Kommentar
Hilfe zur Selbsthilfe

Das Mostgewicht von Wein wird seit jeher in Öchsle gemessen. Seit gestern lässt sich Populismus in der Maßeinheit Brüderle eichen. Mit seiner Forderung, die Bundesregierung müsse auf die Schwierigkeiten von Karstadt-Quelle sofort mit einem staatlichen Notpaket für den Handel reagieren, verleugnet der FDP-Vize die Tradition seiner angeblich so wirtschaftskompetenten Partei.

Immerhin war es Brüderles vor kurzem verstorbener Parteifreund Günter Rexrodt, der wusste, dass „Wirtschaft in der Wirtschaft stattfindet“. Doch dieser Denkschule verpflichtet fühlen sich inzwischen offenbar eher SPD-Wirtschaftsminister Wolfgang Clement und Grünen-Fraktionsvorsitzende Katrin Göring-Eckardt.

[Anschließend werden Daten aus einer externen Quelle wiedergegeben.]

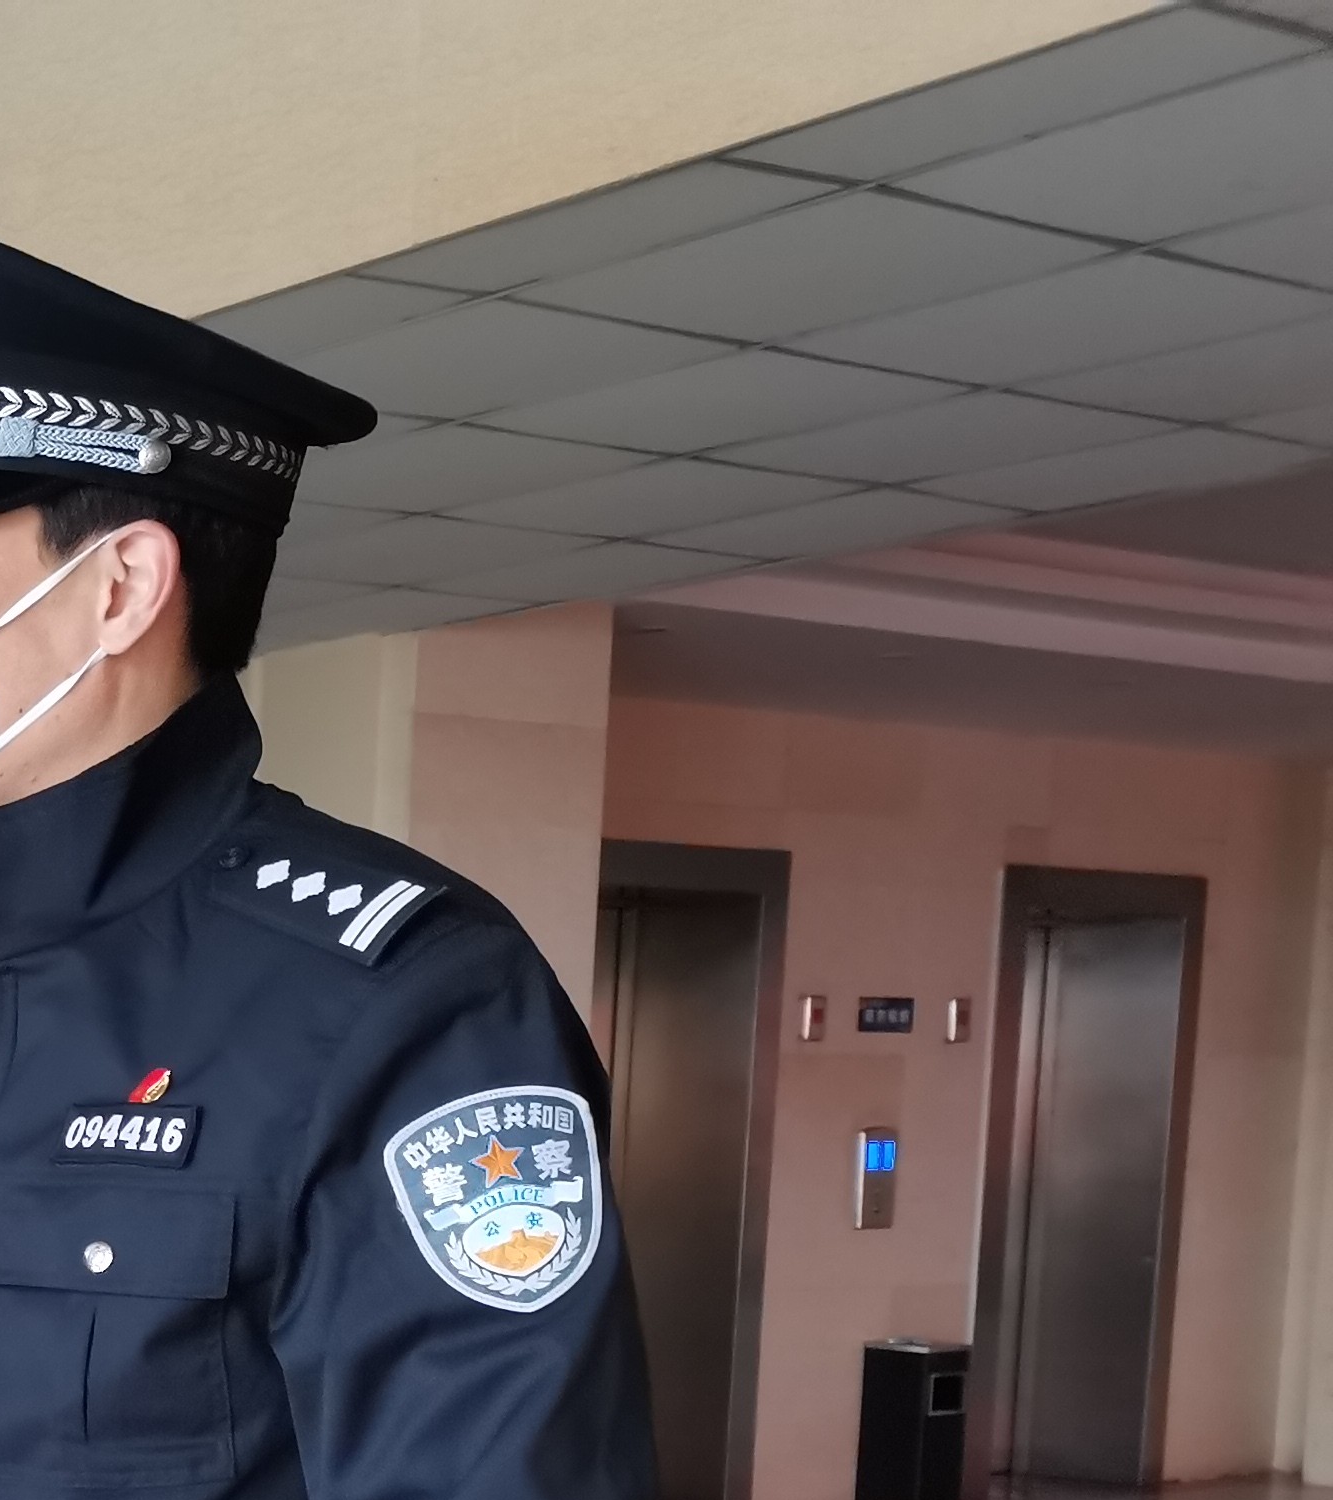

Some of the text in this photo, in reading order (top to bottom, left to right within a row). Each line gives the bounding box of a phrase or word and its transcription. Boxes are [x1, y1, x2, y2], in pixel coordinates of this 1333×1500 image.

Natürlich braucht die Wirtschaft die Hilfe des Staates. Aber sie braucht sie in Form von besseren Rahmenbedingungen. Entbürokratisierung, Liberalisierung der Ladenöffnungszeiten, eine Lockerung des Kündigungsschutzes bringen den Unternehmen viel mehr als kurzfristige staatliche Finanzhilfen. Hilfe zur Selbsthilfe heißt das Prinzip in der Entwicklungshilfe. Es sollte auch in der Wirtschaftspolitik stärkere Beachtung finden.

Diese Art von Staatshilfe braucht die Wirtschaft zu jeder Zeit und nicht nur, wenn gerade ein Traditionskonzern – heißt er nun Karstadt oder Holzmann – in Schwierigkeiten steckt.

Immerhin, und das ist vielleicht die gute Nachricht dieser Tage, hat wenigstens die rot-grüne Berliner Regierungskoalition erkannt, dass öffentlichkeitswirksame Rettungsmaßnahmen für Konzerne in Schieflage eher Teil des Problems als Teil der Lösung sind. Denn sie sollen mit Steuergeldern Entwicklungen korrigieren, die ohne eine hohe Steuerlast womöglich gar nicht entstanden wären: Wirklich geholfen wird dem Einzelhandel nur durch eine höhere private Nachfrage, „mehr Netto in der Tasche“ des Verbrauchers, wie es ein Handelssprecher gestern ausdrückte.

Rot-Grün hat mühsam gelernt. Wenn auch noch die Opposition dem Populismus entsagen könnte, stünden die Chancen nicht schlecht, die Wirtschaft so umzubauen, dass die entlassenen Karstadt-Mitarbeiter einen neuen Job finden und nicht auf Staatshilfe angewiesen sind.